Boots hammered the desert, each step jarring his bones as tracer fire tore past him. The shouting grew louder—closer—rage carrying their voices farther than discipline ever could. He yanked another block of C4 free without slowing, thumbed the timer down by feel, and let it drop into the dirt behind him.
BOOM.
The blast punched the air, throwing dust and bodies upward in a filthy cloud. The shockwave slammed into his back like a physical shove, nearly pitching him forward. Case staggered, boots skidding, then forced himself upright and kept running.
The rucksack felt lighter now.
He'd burned through most of the C4. What remained, he bundled together
The rucksack hit the ground amid the pursuing Legionnaires.
Case didn't slow.
A heartbeat later, he keyed the detonator.
"That's it," Case muttered between gasps. "Last of the C4."
The night behind him vanished in fire.
He tore the machine gun off his shoulder and fired blind over his back, long ragged bursts meant less to hit than to slow. Tracers ripped through the dark, kicking dust and forcing heads down—but still they came. Shadows ran through smoke and debris, silhouettes multiplying instead of thinning.
How many of them are there? he thought, panic threatening to claw its way in.
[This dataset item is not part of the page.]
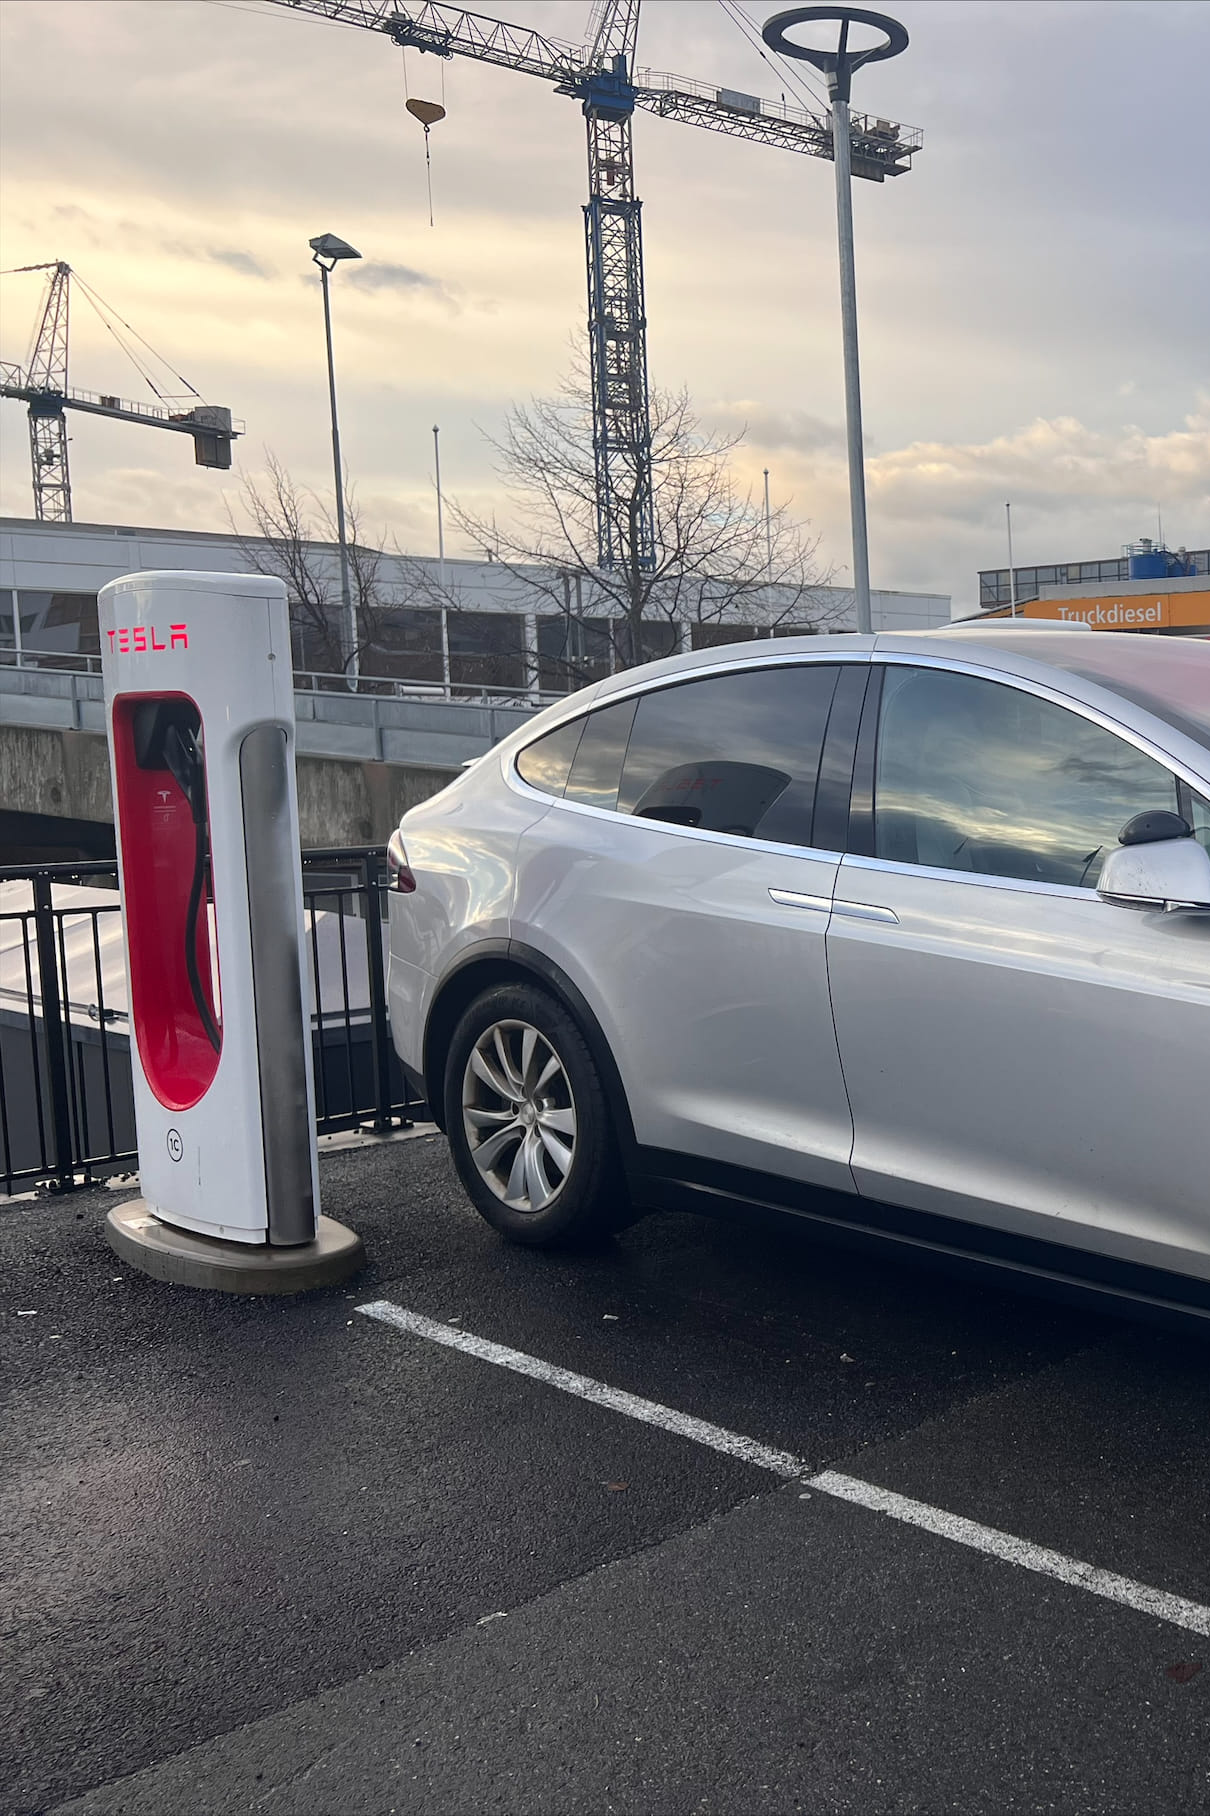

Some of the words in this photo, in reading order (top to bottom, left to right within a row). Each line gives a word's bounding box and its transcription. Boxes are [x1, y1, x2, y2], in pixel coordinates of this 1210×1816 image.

[1057, 601, 1161, 625] Truckdiesel
[107, 624, 189, 654] TESLA
[169, 1138, 180, 1152] 1C
Then he saw it—far to the east. A broad plume of dust rising against the firelight, moving fast.
Vehicles.
Or something worse.
No time.
Case hit the riverbank hard, boots skidding on loose dirt. The Colorado stretched black and wide below him, churning softly. The rope was still there—thank God—anchored tight, swaying faintly in the night air.
He snapped the harness on with shaking hands.
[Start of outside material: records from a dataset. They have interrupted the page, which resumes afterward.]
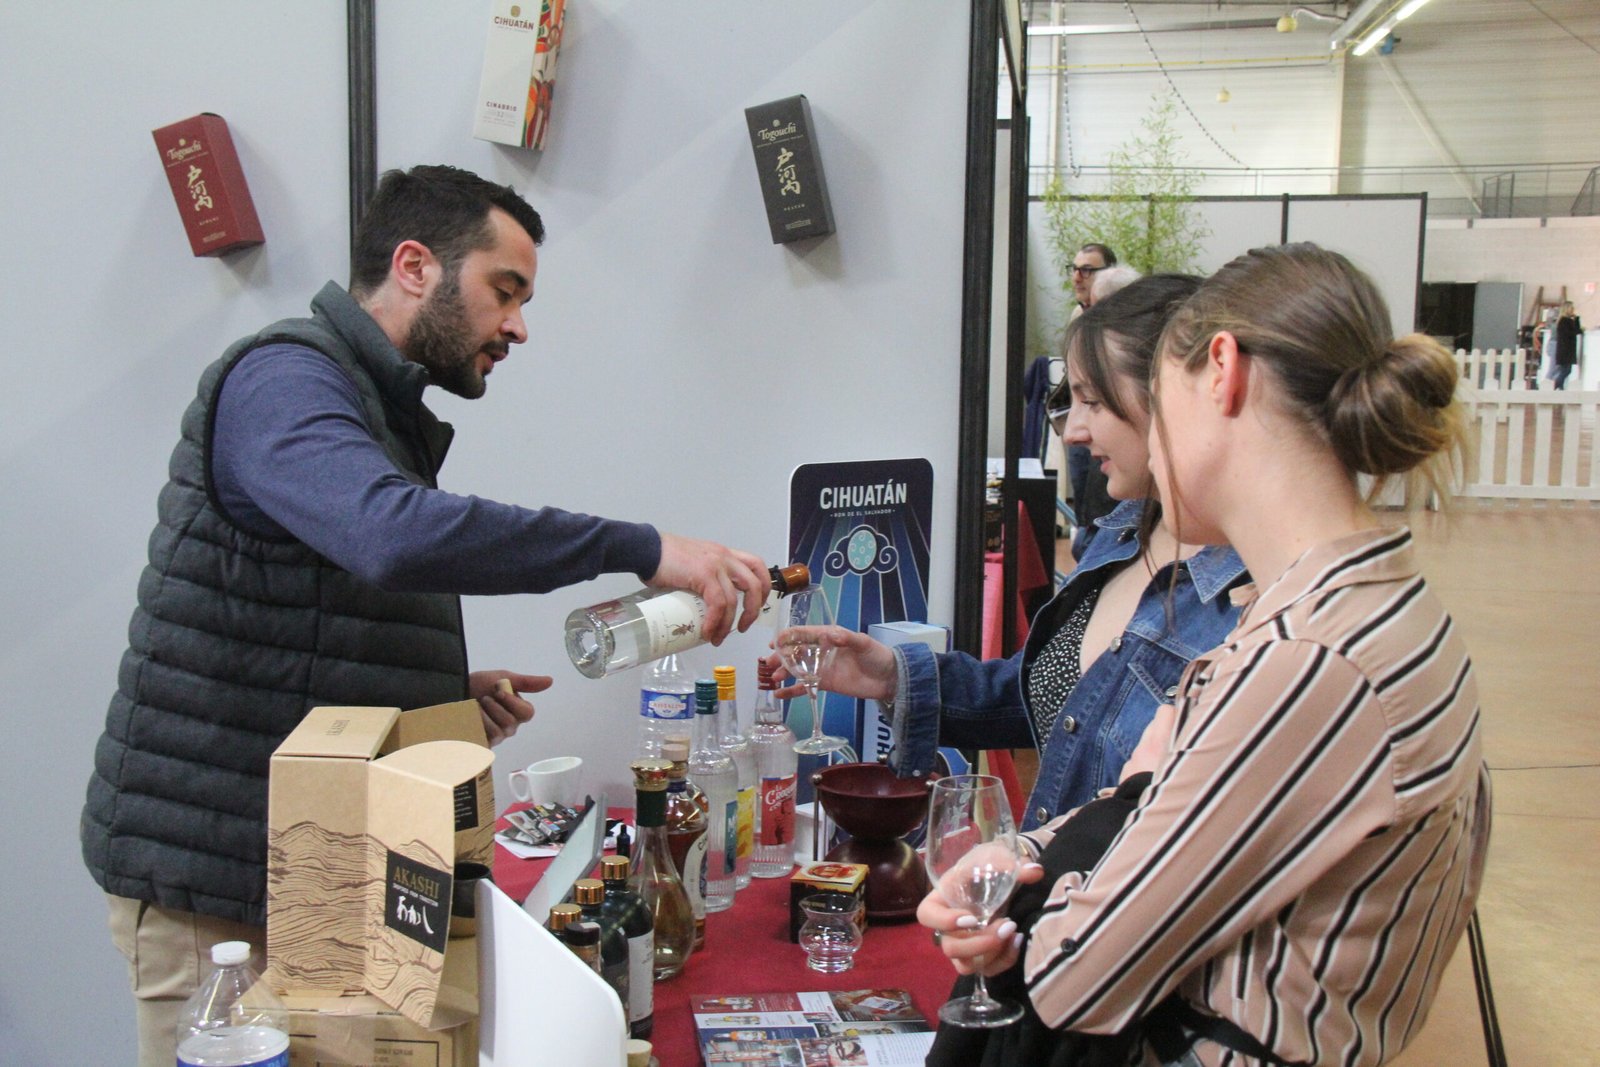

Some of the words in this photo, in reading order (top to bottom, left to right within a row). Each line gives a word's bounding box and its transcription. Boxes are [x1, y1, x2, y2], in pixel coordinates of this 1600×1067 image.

[494, 16, 534, 30] CIHUATÁN
[757, 122, 797, 141] Togouchi
[166, 139, 202, 160] Togouchi
[820, 479, 907, 509] CIHUATÁN
[393, 866, 440, 899] AKASHI
Pain exploded through his fingers.
He hissed as a round grazed his hand, skin splitting, blood slicking the grip. Case turned back toward the ridge, raised the machine gun, and emptied what was left of the belt in a furious roar of fire. Legionnaires dove for cover as rounds chewed the riverbank apart.
He kept firing.
Reloaded.
Fired again.
Another reload—hands clumsy now, slick with blood.
The machine gun clicked empty.
"Fucking hell!"
Case dropped it and yanked up his marksman carbine, turning just as something slammed into him—
A blunt, crushing impact, like being hit by a truck. He felt some warm liquid flowing down his head.
The world tilted. The river lurched upward. His feet lost the edge.
For a split second, he was weightless.
Then the Colorado swallowed him whole.